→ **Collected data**
********

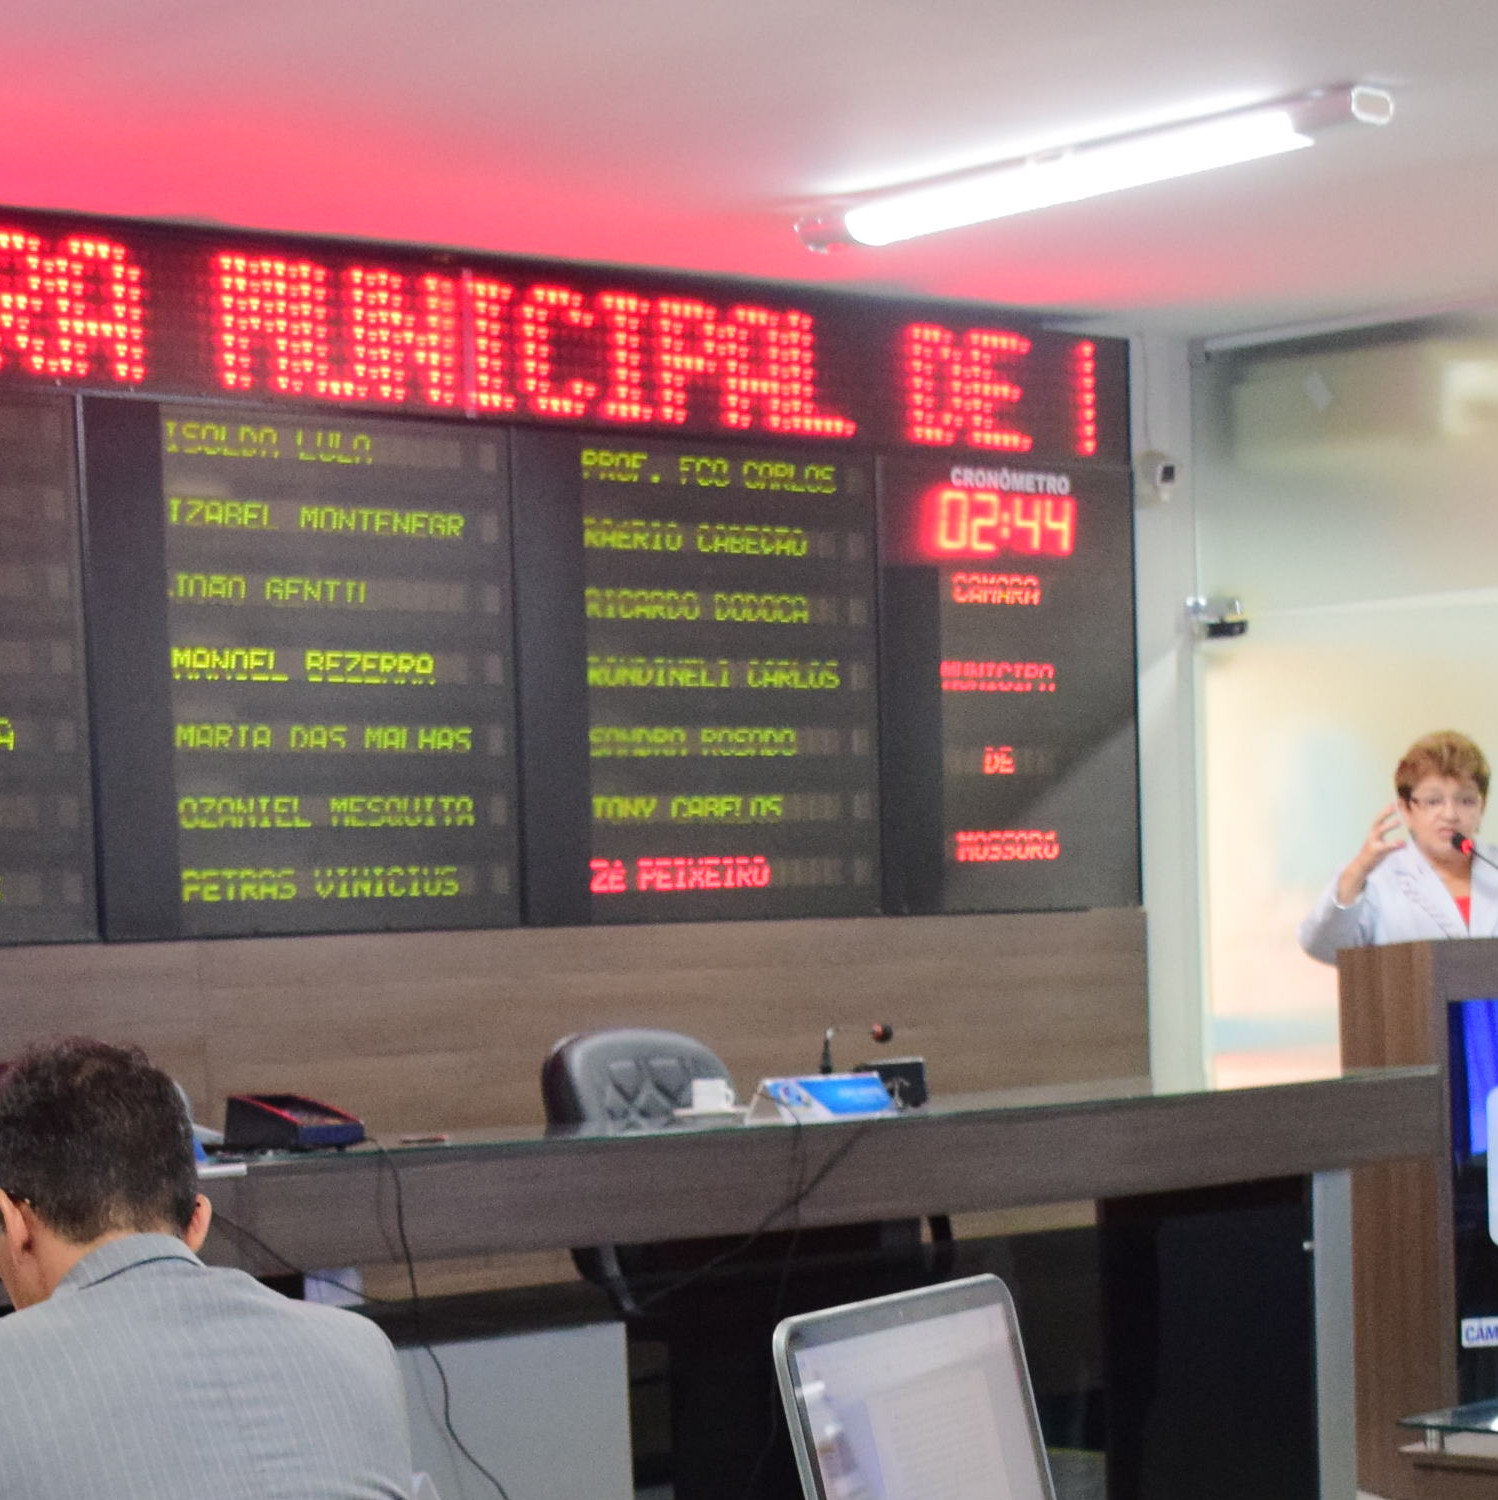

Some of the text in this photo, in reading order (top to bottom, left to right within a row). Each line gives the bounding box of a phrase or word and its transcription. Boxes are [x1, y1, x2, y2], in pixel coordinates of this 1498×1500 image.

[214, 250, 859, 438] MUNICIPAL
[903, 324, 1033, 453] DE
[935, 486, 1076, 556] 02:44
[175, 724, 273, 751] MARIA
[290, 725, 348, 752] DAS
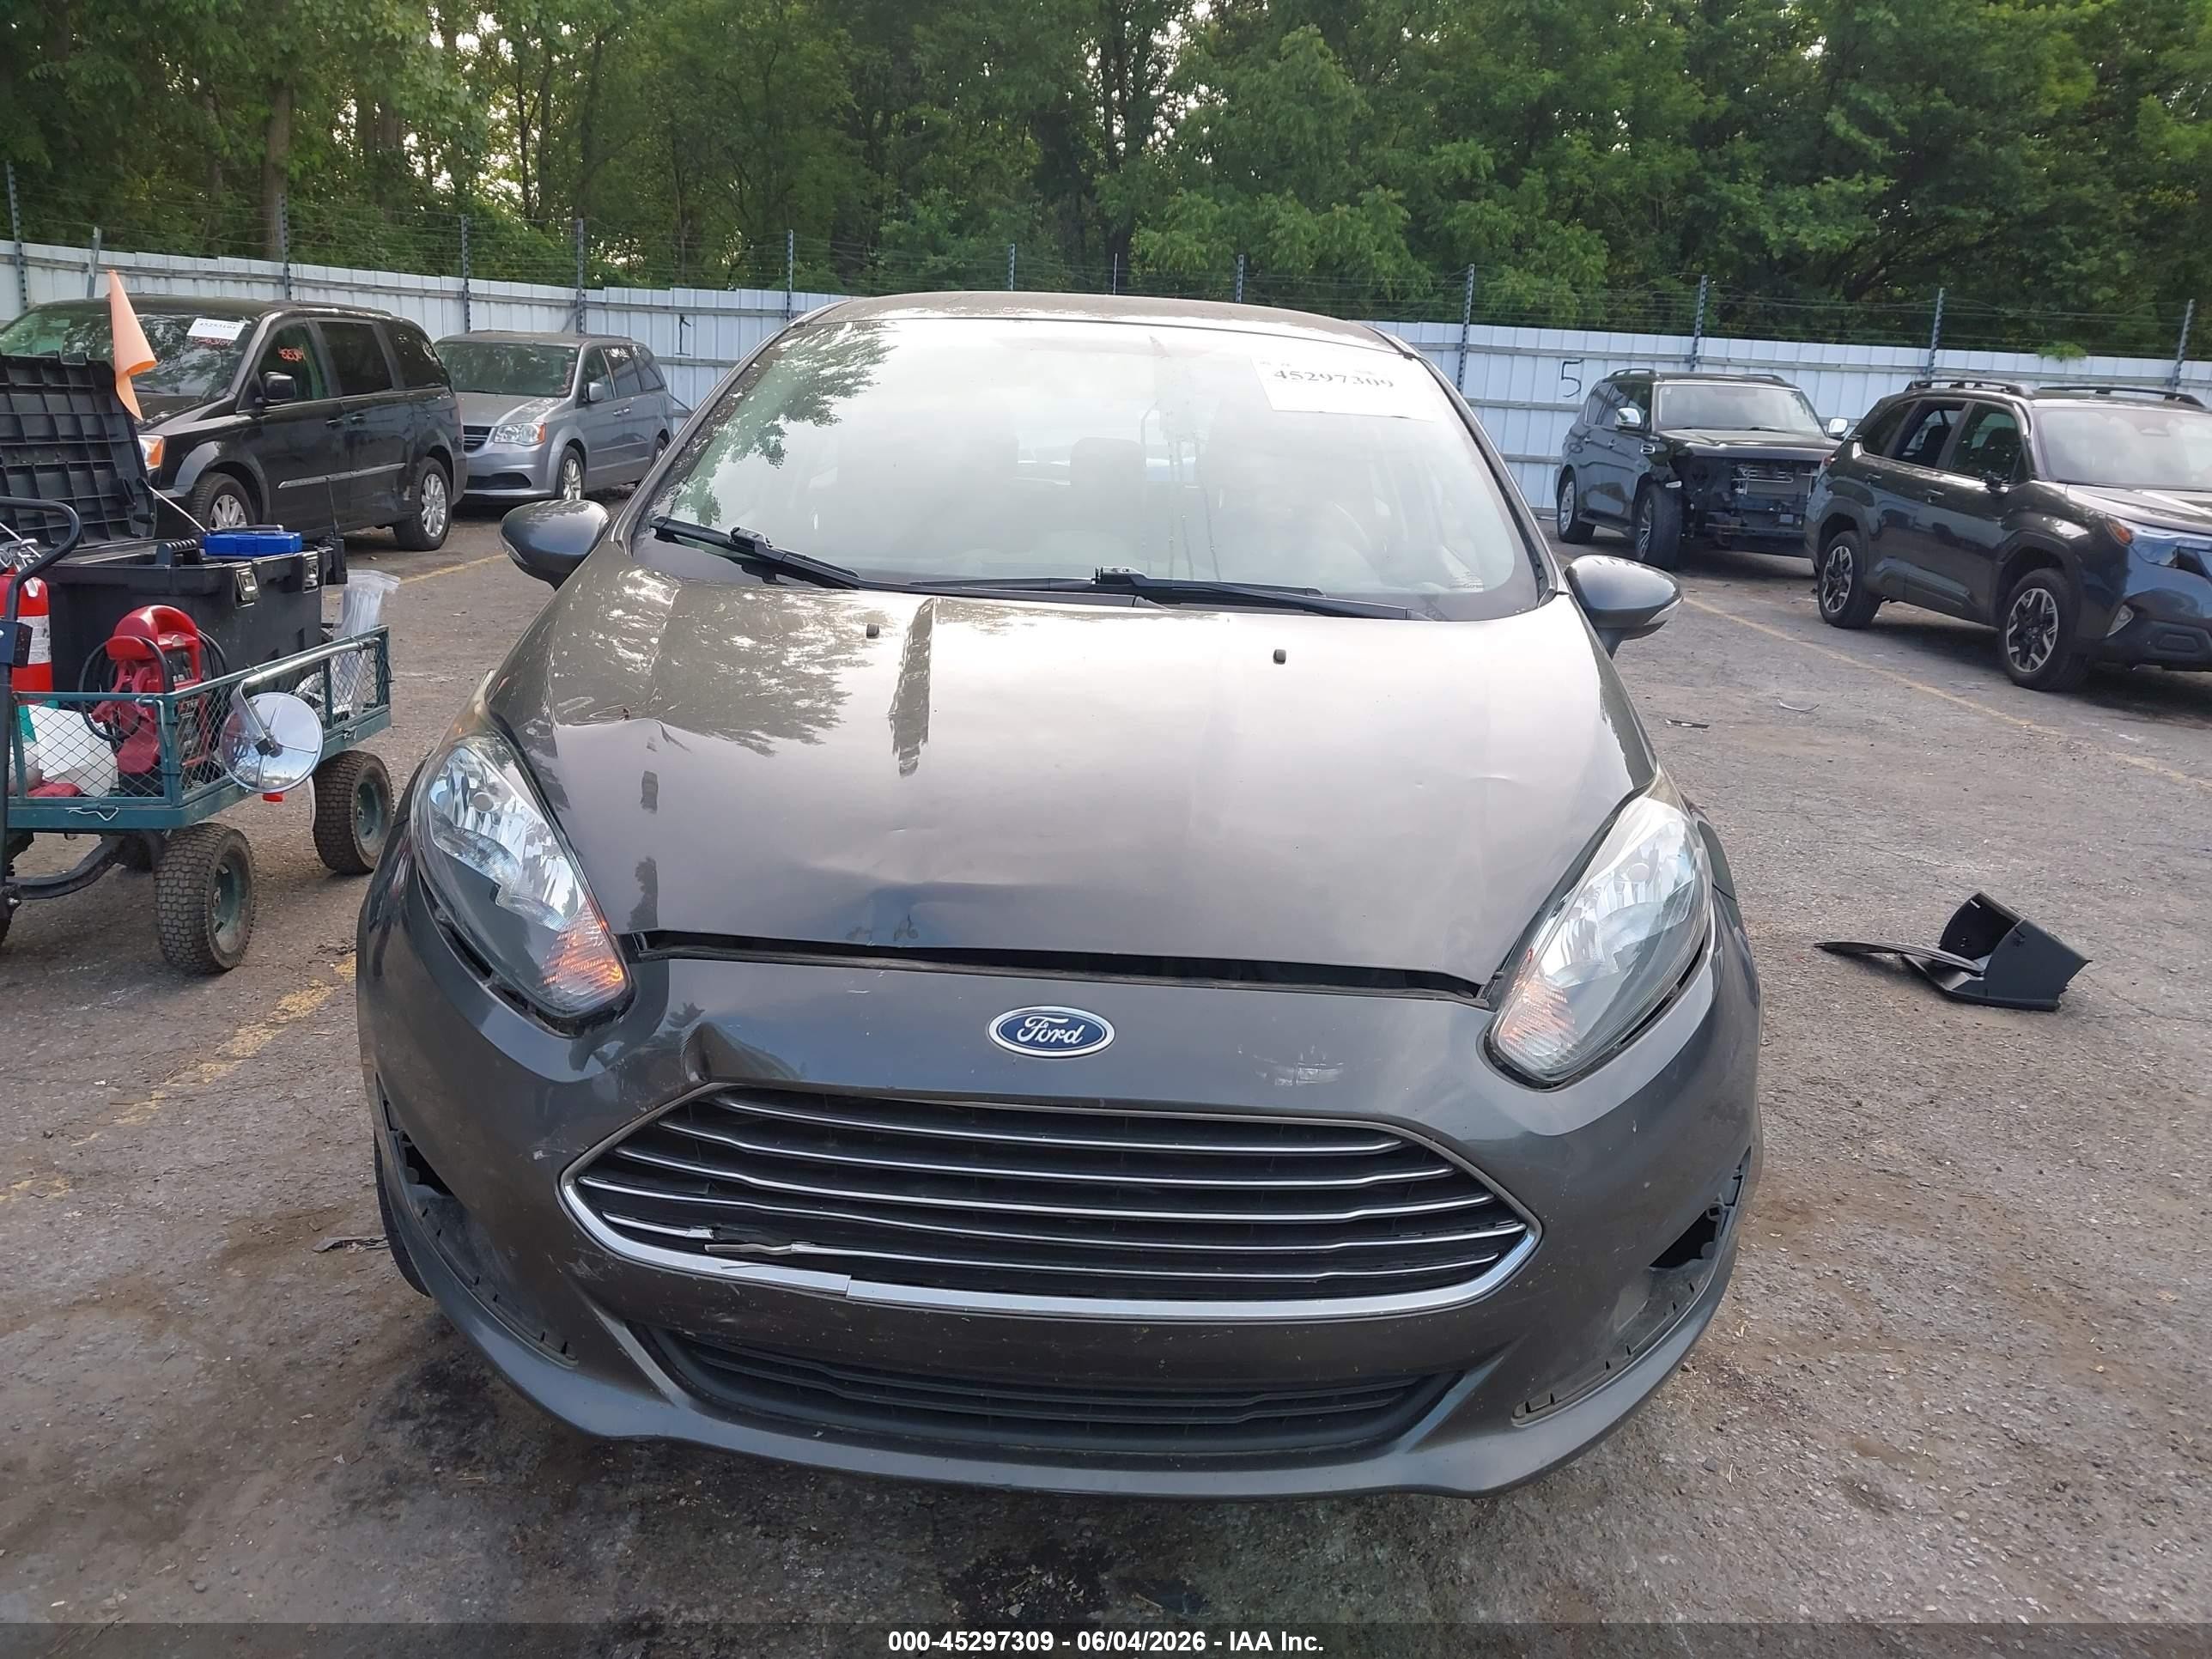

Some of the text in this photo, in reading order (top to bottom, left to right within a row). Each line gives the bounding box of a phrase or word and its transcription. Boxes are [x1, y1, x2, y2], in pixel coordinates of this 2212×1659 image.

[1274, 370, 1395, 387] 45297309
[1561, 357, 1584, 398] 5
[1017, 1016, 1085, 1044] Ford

********

→ **What is needed**
Repeat each line above exactly as it reads, omitting any pictures.

→ **Exercise response**
Some of the text in this photo, in reading order (top to bottom, left to right within a row). Each line gives the bounding box of a phrase or word and its transcription. Boxes are [x1, y1, x2, y2], in pixel coordinates of this 1498×1500 image.

[214, 250, 859, 438] MUNICIPAL
[903, 324, 1033, 453] DE
[935, 486, 1076, 556] 02:44
[175, 724, 273, 751] MARIA
[290, 725, 348, 752] DAS

Some of the text in this photo, in reading order (top to bottom, left to right within a row). Each line gives the bounding box of a phrase or word and its transcription. Boxes are [x1, y1, x2, y2], in pixel coordinates of this 2212×1659 image.

[1274, 370, 1395, 387] 45297309
[1561, 357, 1584, 398] 5
[1017, 1016, 1085, 1044] Ford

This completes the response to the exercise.